#### [REQUIRED WORK]
Could you transcribe the records below exactly, leaving out every picture?

▬▬▬

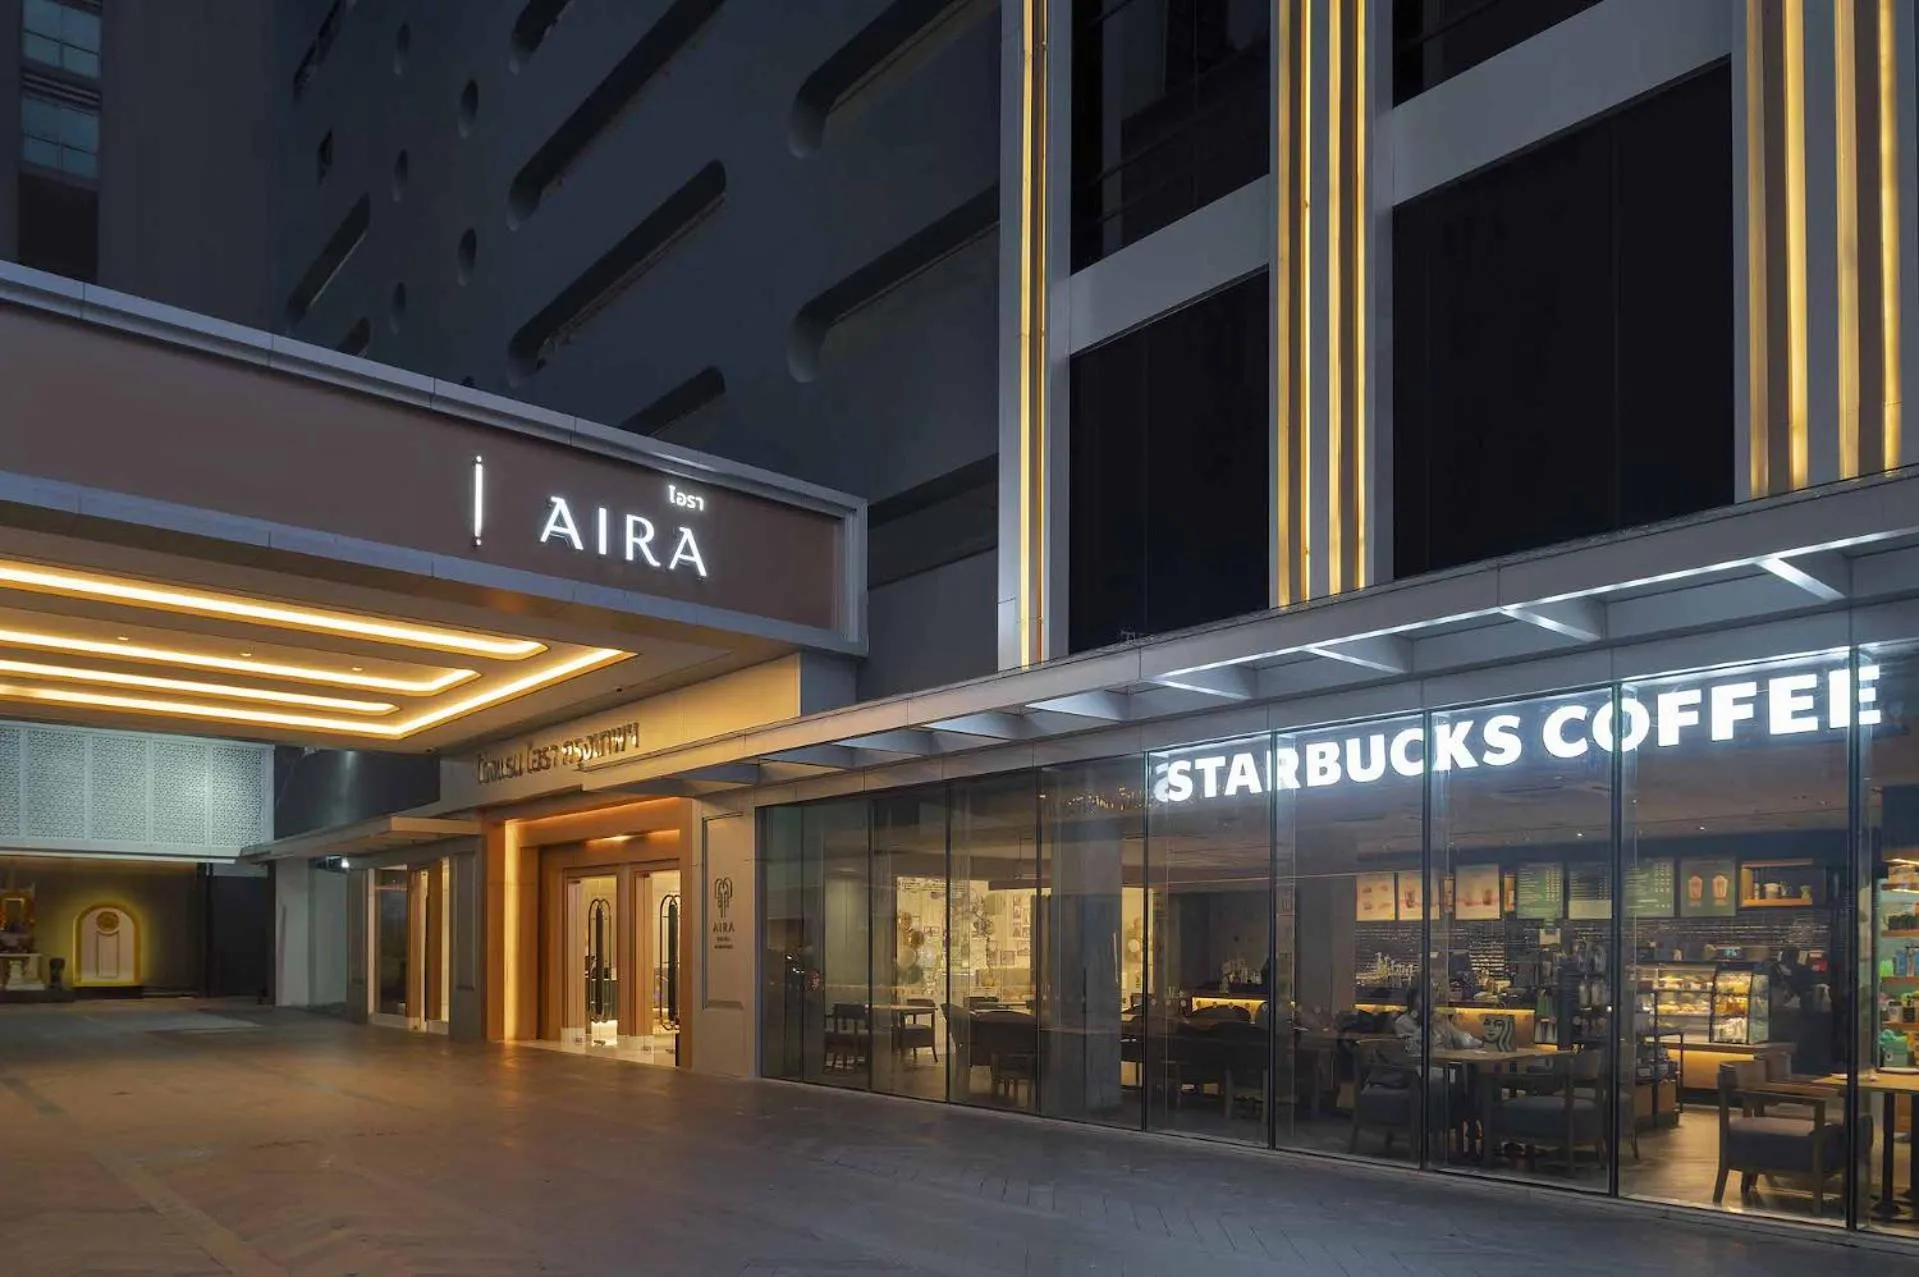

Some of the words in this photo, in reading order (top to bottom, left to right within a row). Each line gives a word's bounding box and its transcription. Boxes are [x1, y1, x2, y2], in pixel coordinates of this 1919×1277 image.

[539, 496, 708, 578] AIRA
[668, 484, 705, 512] ไอรา
[1167, 713, 1523, 803] STARBUCKS
[1542, 664, 1881, 755] COFFEE

▬▬▬

#### [THE ANSWER]
Some of the words in this photo, in reading order (top to bottom, left to right within a row). Each line gives a word's bounding box and its transcription. Boxes are [x1, y1, x2, y2], in pixel coordinates of this 1919×1277 image.

[539, 496, 708, 578] AIRA
[668, 484, 705, 512] ไอรา
[1167, 713, 1523, 803] STARBUCKS
[1542, 664, 1881, 755] COFFEE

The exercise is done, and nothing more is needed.